DATA TO USE:
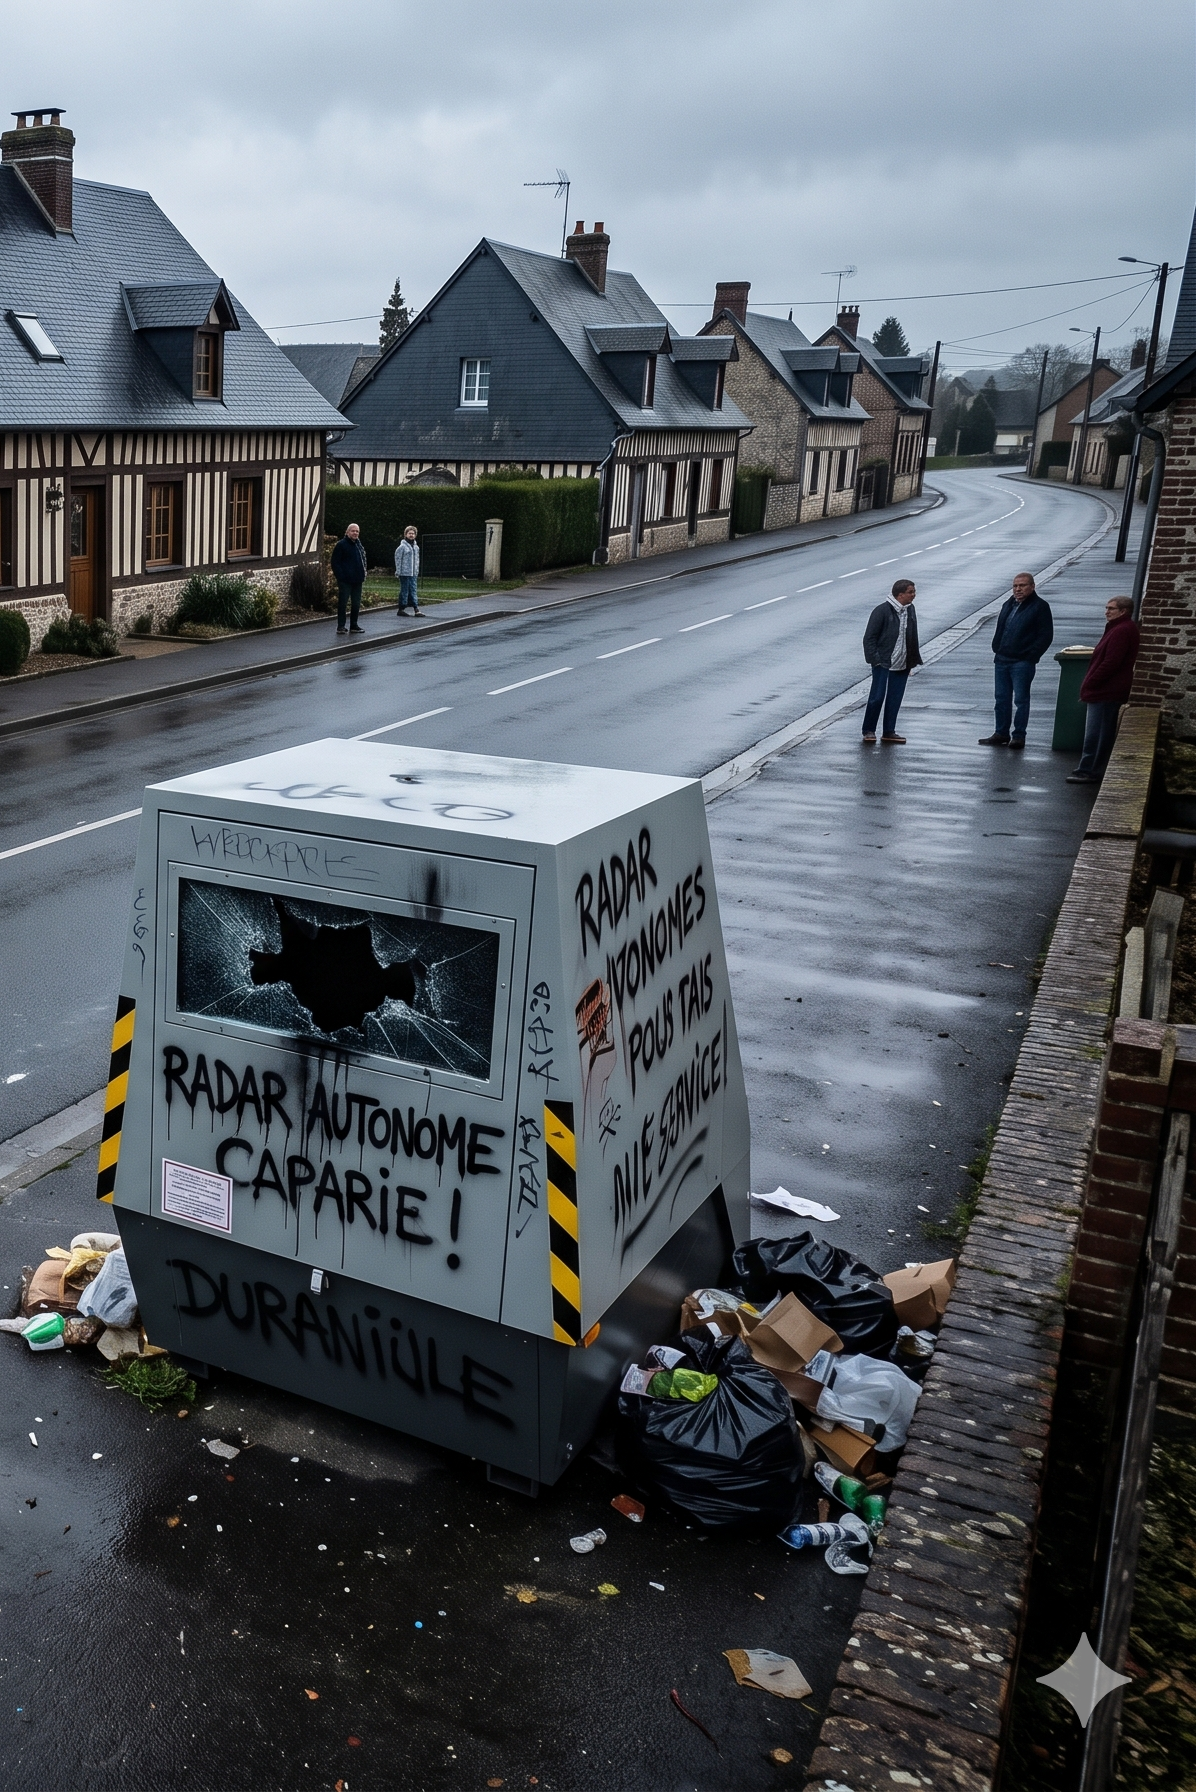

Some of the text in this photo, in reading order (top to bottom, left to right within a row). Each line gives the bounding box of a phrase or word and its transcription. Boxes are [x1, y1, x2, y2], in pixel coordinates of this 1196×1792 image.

[574, 827, 658, 958] RADAR
[678, 952, 713, 1036] TAIS
[162, 1045, 293, 1132] RADAR
[305, 1080, 506, 1179] AUTONOME

REQUIREMENT: Would you set down every line of the data above exactly, skipping the pictures?

THE ANSWER:
Some of the text in this photo, in reading order (top to bottom, left to right within a row). Each line gives the bounding box of a phrase or word and its transcription. Boxes are [x1, y1, x2, y2], in pixel coordinates of this 1196×1792 image.

[574, 827, 658, 958] RADAR
[678, 952, 713, 1036] TAIS
[162, 1045, 293, 1132] RADAR
[305, 1080, 506, 1179] AUTONOME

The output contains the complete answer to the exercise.